Work request - The whole listing is to be given again without alteration, except that its pictures are dropped.

Material supplied -
*** Begin section ***

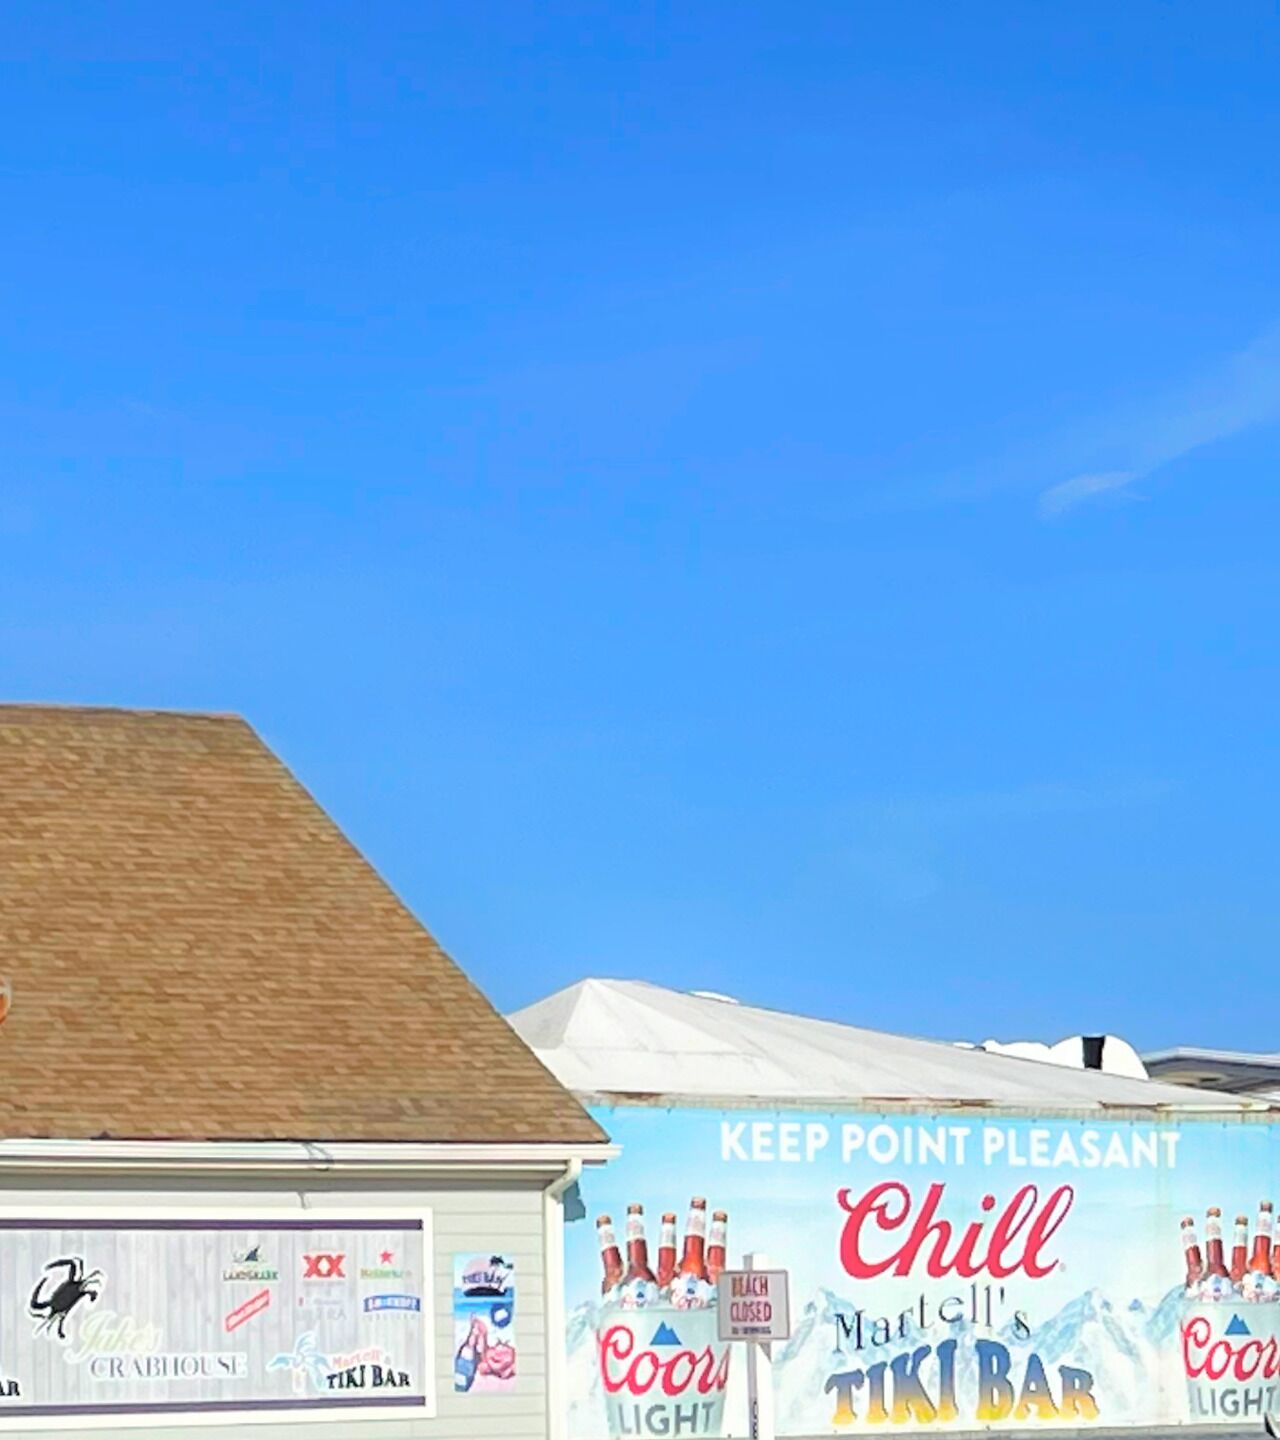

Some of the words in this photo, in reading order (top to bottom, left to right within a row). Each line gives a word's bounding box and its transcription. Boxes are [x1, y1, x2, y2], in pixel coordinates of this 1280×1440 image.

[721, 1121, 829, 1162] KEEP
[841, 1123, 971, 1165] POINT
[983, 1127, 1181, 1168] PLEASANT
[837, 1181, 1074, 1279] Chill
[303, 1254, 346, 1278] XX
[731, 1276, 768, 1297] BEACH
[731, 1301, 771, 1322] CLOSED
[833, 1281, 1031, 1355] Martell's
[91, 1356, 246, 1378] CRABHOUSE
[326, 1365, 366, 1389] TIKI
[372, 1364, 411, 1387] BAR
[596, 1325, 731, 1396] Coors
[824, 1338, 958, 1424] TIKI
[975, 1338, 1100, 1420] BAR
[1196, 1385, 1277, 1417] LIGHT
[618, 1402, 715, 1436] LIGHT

*** End section ***

Written reply -
Some of the words in this photo, in reading order (top to bottom, left to right within a row). Each line gives a word's bounding box and its transcription. Boxes are [x1, y1, x2, y2], in pixel coordinates of this 1280×1440 image.

[721, 1121, 829, 1162] KEEP
[841, 1123, 971, 1165] POINT
[983, 1127, 1181, 1168] PLEASANT
[837, 1181, 1074, 1279] Chill
[303, 1254, 346, 1278] XX
[731, 1276, 768, 1297] BEACH
[731, 1301, 771, 1322] CLOSED
[833, 1281, 1031, 1355] Martell's
[91, 1356, 246, 1378] CRABHOUSE
[326, 1365, 366, 1389] TIKI
[372, 1364, 411, 1387] BAR
[596, 1325, 731, 1396] Coors
[824, 1338, 958, 1424] TIKI
[975, 1338, 1100, 1420] BAR
[1196, 1385, 1277, 1417] LIGHT
[618, 1402, 715, 1436] LIGHT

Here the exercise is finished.